# Crawlee v3.16: AI-Powered Crawling with StagehandCrawler

February 6, 2026 ·

<!-- -->

5 min read

[![Martin Adámek](https://avatars1.githubusercontent.com/u/615580?s=460\&v=4)](https://github.com/B4nan)

[Martin Adámek](https://github.com/B4nan)

Crawlee Maintainer

Crawlee v3.16 is here, and the headline feature is the new `StagehandCrawler` — an AI-powered crawler that lets you interact with web pages using natural language instead of CSS selectors. On top of that, we've added async iterators for `Dataset` and `KeyValueStore`, a new `discoverValidSitemaps` utility, and made `handleCloudflareChallenge` more configurable.

Here's what's new:

* [StagehandCrawler — AI-powered browser automation](https://crawlee.dev/blog/crawlee-v3-16.md#stagehandcrawler--ai-powered-browser-automation)
* [Async iterators for Dataset and KeyValueStore](https://crawlee.dev/blog/crawlee-v3-16.md#async-iterators-for-dataset-and-keyvaluestore)
* [discoverValidSitemaps utility](https://crawlee.dev/blog/crawlee-v3-16.md#discovervalidsitemaps-utility)
* [Improved Cloudflare challenge handling](https://crawlee.dev/blog/crawlee-v3-16.md#improved-cloudflare-challenge-handling)

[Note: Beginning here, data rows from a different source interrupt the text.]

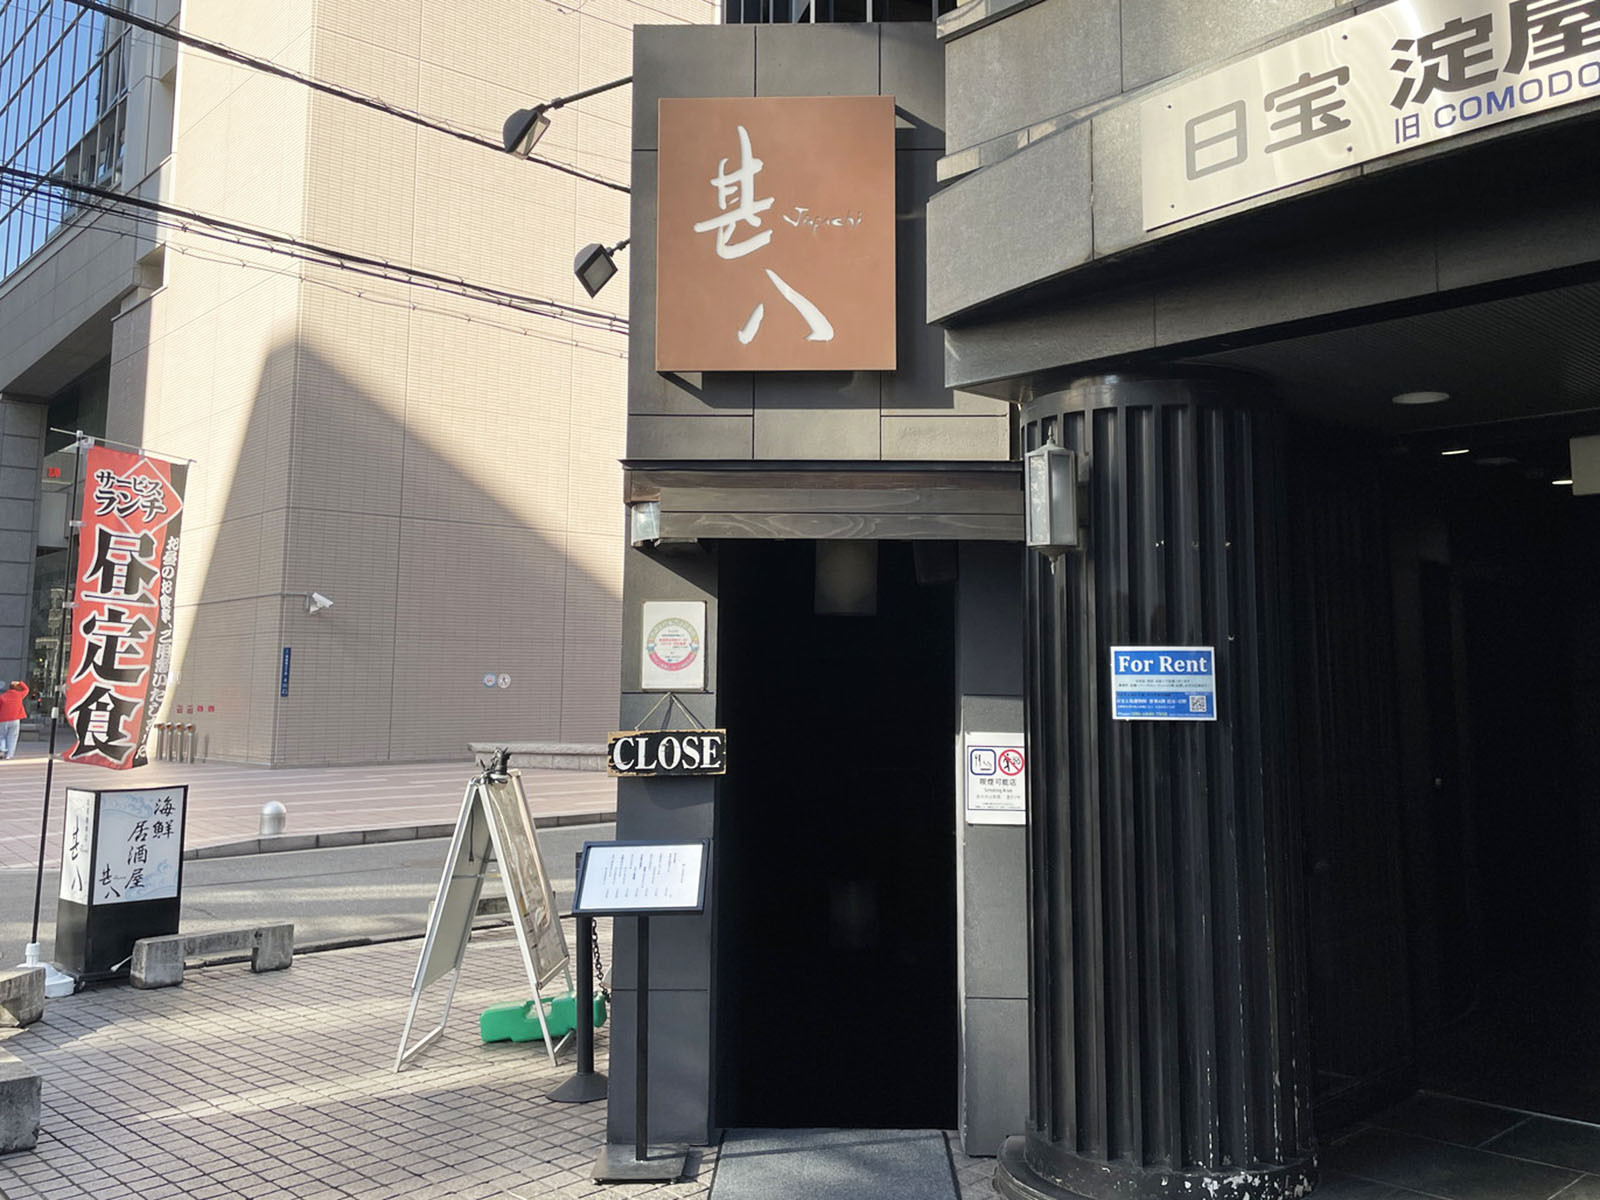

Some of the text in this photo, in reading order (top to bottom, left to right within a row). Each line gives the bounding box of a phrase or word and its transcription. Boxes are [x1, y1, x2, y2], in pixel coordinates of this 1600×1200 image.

[1185, 0, 1600, 181] 日宝 淀屋
[1395, 61, 1600, 144] 旧 COMODO
[693, 125, 835, 345] 甚八
[94, 469, 164, 498] サービス
[94, 488, 168, 523] ランチ
[68, 524, 160, 764] 昼定食
[1118, 655, 1208, 673] For Rent
[613, 736, 722, 771] CLOSE
[152, 795, 176, 839] 海鮮
[125, 819, 150, 890] 居酒屋

## StagehandCrawler — AI-powered browser automation[​](#stagehandcrawler--ai-powered-browser-automation "Direct link to StagehandCrawler — AI-powered browser automation")

The new [`@crawlee/stagehand`](https://crawlee.dev/js/api/stagehand-crawler.md) package integrates [Browserbase's Stagehand](https://github.com/browserbase/stagehand) with Crawlee's crawling infrastructure. Instead of writing brittle CSS selectors or XPath expressions, you describe what you want in plain English and let the AI figure out the rest.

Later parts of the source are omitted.